PP2A methylation-, SAM-, and SAH- dependent modulation of tau phosphorylation in N2a cells. A, Representative immunoblots showing that stable expression of Myc-tagged PME-1 is associated with PP2A demethylation, decreased Bα subunit expression, and increased tau phosphorylation. The arrow indicates Myc-tagged PME-1 recognized by the anti-PME-1 antibody. B, Representative immunoblots showing that stable expression of HA-tagged PPMT is associated with enhanced expression levels of PPMT, methylated C and Bα subunits, and tau dephosphorylation. The arrow indicates HA-tagged PPMT recognized by the anti-PPMT antibody. C, Tau-transfected N2a cells were treated with SAM or SAH and analyzed by immunoblotting for tau phosphorylated at the PHF-1 epitope and for total tau using Tau 5 antibodies. D, Concomitant incubation with 10 nm OA or expression of the L309Δ mutant in N2a cells prevent tau dephosphorylation induced by 100 μm SAM. Bottom rows in C and D show the relative amounts of phosphorylated tau (n = 3; *p < 0.001).

Figure 4.

PP2A-, SAM-, and SAH- dependent modulation of APP phosphorylation in N2a cells. A–F, Representative immunoblots showing the relative levels of APP phosphorylated on Thr-668 and total APP in N2a cells. A, Endogenous APP migrates as several bands corresponding to mature and immature APP isoforms (Latasa et al., 1998). The fastest migrating band corresponds to immature APP₆₉₅. The slowest migrating APP₇₅₁ and APP₇₇₀ isoforms are immunoreactive to antibodies raised against the KPI domain of APP. B, Incubation of N2a cells for 1 h with increasing OA concentrations induces dose-dependent APP phosphorylation. C, Phosphorylated APP levels are altered after deregulation of PP2A, PPMT, or PME-1. D, Incubation of N2a cells with 100 μm SAM or SAH affects APP phosphorylation. E, Concomitant incubation for 18 h with 10 nm OA prevents SAM-induced APP dephosphorylation. F, Incubation of N2a–Wt C cells with 100 μm SAM promotes APP dephosphorylation. SAM cannot induce similar effects in N2a–L309Δ cells.

Figure 5.

PP2A activity and methylation regulate APP secretion and Aβ production in N2a cells.
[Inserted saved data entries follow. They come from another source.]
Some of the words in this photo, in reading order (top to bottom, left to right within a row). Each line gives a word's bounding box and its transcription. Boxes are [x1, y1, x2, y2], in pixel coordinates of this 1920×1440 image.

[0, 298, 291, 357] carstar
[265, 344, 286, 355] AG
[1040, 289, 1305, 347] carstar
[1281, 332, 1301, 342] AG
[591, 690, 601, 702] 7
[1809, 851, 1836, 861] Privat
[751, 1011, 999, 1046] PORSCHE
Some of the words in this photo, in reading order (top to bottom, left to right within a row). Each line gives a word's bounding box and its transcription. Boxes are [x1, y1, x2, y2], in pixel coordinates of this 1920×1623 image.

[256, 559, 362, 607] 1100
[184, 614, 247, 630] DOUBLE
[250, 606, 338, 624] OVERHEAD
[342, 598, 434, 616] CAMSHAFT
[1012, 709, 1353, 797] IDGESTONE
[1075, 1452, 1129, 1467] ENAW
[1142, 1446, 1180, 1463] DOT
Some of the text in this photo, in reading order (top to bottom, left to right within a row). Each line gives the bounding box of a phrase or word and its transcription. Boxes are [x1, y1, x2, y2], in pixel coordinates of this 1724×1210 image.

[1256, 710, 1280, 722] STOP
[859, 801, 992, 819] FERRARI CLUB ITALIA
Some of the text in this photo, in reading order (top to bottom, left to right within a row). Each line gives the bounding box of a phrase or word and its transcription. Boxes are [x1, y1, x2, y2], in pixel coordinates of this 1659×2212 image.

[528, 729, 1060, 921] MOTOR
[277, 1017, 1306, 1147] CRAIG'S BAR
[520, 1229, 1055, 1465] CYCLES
A, Secreted sAPP isoforms migrate as a triplet band recognized by the 22C11 antibody (Nakagawa et al., 2006). sAPP₇₅₁ and sAPP₇₇₀ isoforms are immunoreactive to the anti-KPI–APP antibody (Latasa et al., 1998). B, Steady-state levels of sAPPα and sAPPβ were measured after 1 h incubation of N2a clones in conditioned medium. A subset of control N2a cells was incubated for 1 h with 100 nm OA. Intracellular APP was detected with anti-APP 22C11 antibody. The bottom panel shows the relative amounts of sAPPα and sAPPβ determined after normalization for intracellular protein concentration (mean ± SD; n = 3; p < 0.001 in all conditions). C, The extracellular release of sAPPα was measured in the same cells analyzed for APP in Figure 4, C and F, 4 h after incubation in the conditioned media. D, Representative experiment showing the concomitant release of sAPPβ and Aβ₄₀ peptides measured 24 h after incubation of cells in conditioned medium. Aβ₄₀ levels (mean ± SEM) were quantified by ELISA.

Figure 6.

Effects of the high-methionine, low-folate diet on Hcy, methylation metabolites, PPMT, PP2A methylation, and tau and APP phosphorylation in Cbs^+/+ and Cbs^+/− mice. A–D, Groups of 1-month-old heterozygous Cbs^+/− (black bars) and wild-type Cbs^+/+ (white bars) mice were fed for 8 months on a control or HM/LF diet. Data are mean ± SD; n = 7 mice per group. A, Hcy and methylation metabolites were determined in plasma and brain tissue from the mice (*p < 0.01 compared with same genotype). B–D, Equivalent aliquots (∼14 μl) of total brain extracts from the same mice were simultaneously analyzed by gel electrophoresis and Western blotting. Note that the representative panels shown were assembled from the same exposed autoradiograph. B, Relative levels of PPMT in each mouse group (*p < 0.001; **p < 0.05). C, Relative levels of methylated C (*p < 0.046; **p = 0.046). D, Relative levels of Thr-668-phosphorylated APP (*p < 0.001). E, Equivalent amounts of proteins (10 μg) from boiled mouse brain homogenates were analyzed for tau phosphorylated at the PHF-1 epitope after normalization for total tau levels (*p < 0.001).